Noticing a trend? If you're a financial sector executive, you run the show. It doesn't matter that you've swindled billions of dollars from the country, nothing is going to happen to you.
However, If you cross the financial sector, even over relatively trivial matters and sums, it won't matter if you're the elected head of the city council or a justice on the state supreme court, you will be removed from office and suffer significant consequences.
The financial sector runs this country.
RMS wants software to be free, but is happy for people to be enslaved by the state. That's a massive contradiction. I would have thought his philosophy on software is very much aligned with libertarianism, yet his political discussions suggest otherwise.
How can you want software to be free and not people?
Considering that software and people are two very different things, I fail to see the contradiction. Are you suggesting that one who supports freedom must always support any form of freedom?
Should termites be free? How about viruses? How about serial killers?
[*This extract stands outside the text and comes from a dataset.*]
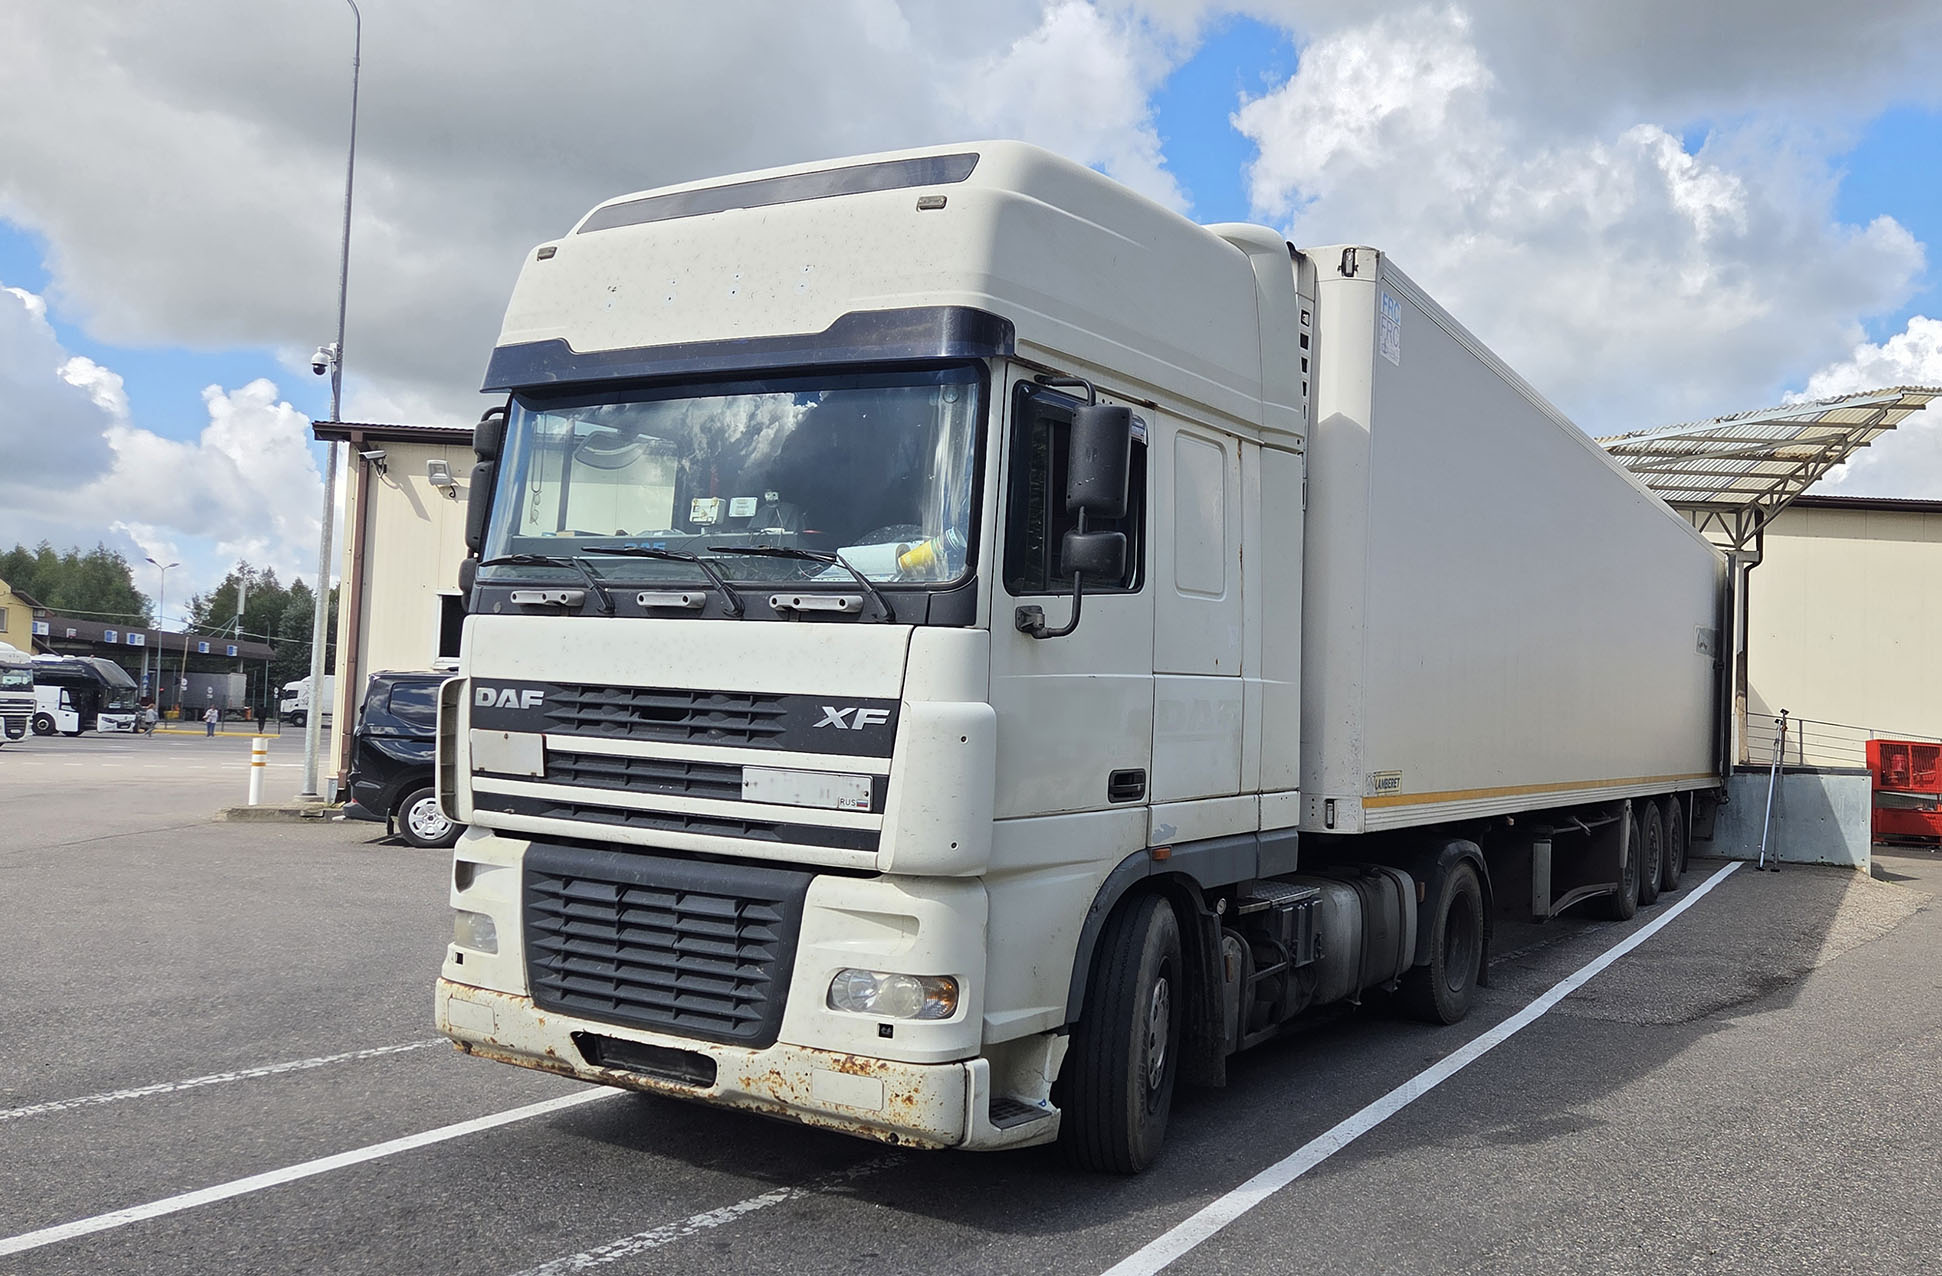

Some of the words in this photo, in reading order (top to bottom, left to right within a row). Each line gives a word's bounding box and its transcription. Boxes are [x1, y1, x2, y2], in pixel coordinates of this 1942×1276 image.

btw, RMS's stance on software is anything but libertarian. If you want to relate it to politics, I'd compare it to communism. Not Chinese or Russian communism, but more of the Marxist ideal. A lack of ownership, communal collaboration that anyone can take advantage of. 'Free' is a complicated word and doesn't necessitate libertarianism. A libertarian would claim that ownership is a right, a freedom we enjoy. I don't know if RMS would agree with that. I'm pretty sure he thinks that information should be free but people should be restricted by laws that say you can't murder or steal and stuff like that. When people advocate freedom, they tend to be advocating the freedom to do the things they specifically want to do. Not even the libertarian advocates anarchy, which is freedom taken most literally.
'Free' is a fun term for philosophers because it can be turned on its head in all sorts of different ways.
"From the depths of my skeptical and rationalist soul, I ask the Lord to protect me from California touchie-feeliedom."
Ah, the laissez-faire capitalist who doesn't know enough history to know what laissez-faire capitalism involves.
Pure capitalism is nasty and doesn't work. It's been tried. It was worse than communism. Mixed economies do work (yes, the US is a mixed economy). The difference between a mixed economy and pure capitalism? Regulation, i.e. "tell[ing] private businesses what to do with their money and assets."
You also missed a 2nd part.
The real-world problem with the simple solutions is that a corporation will spend a few millions on lawyers and other professionals to find a perfectly legal loophole.
No problem, you say, we'll close it.
They will find the next one. We will close it. Repeat a few hundred times. And then you end up with the exact kind of complicated stuff that you wanted to do away with with your simple solution.
I know what I'm talking about, I've spent 6 years of my life negotiating and writing contracts for partners with opposed interests. You end up discussing individual words for ten minutes.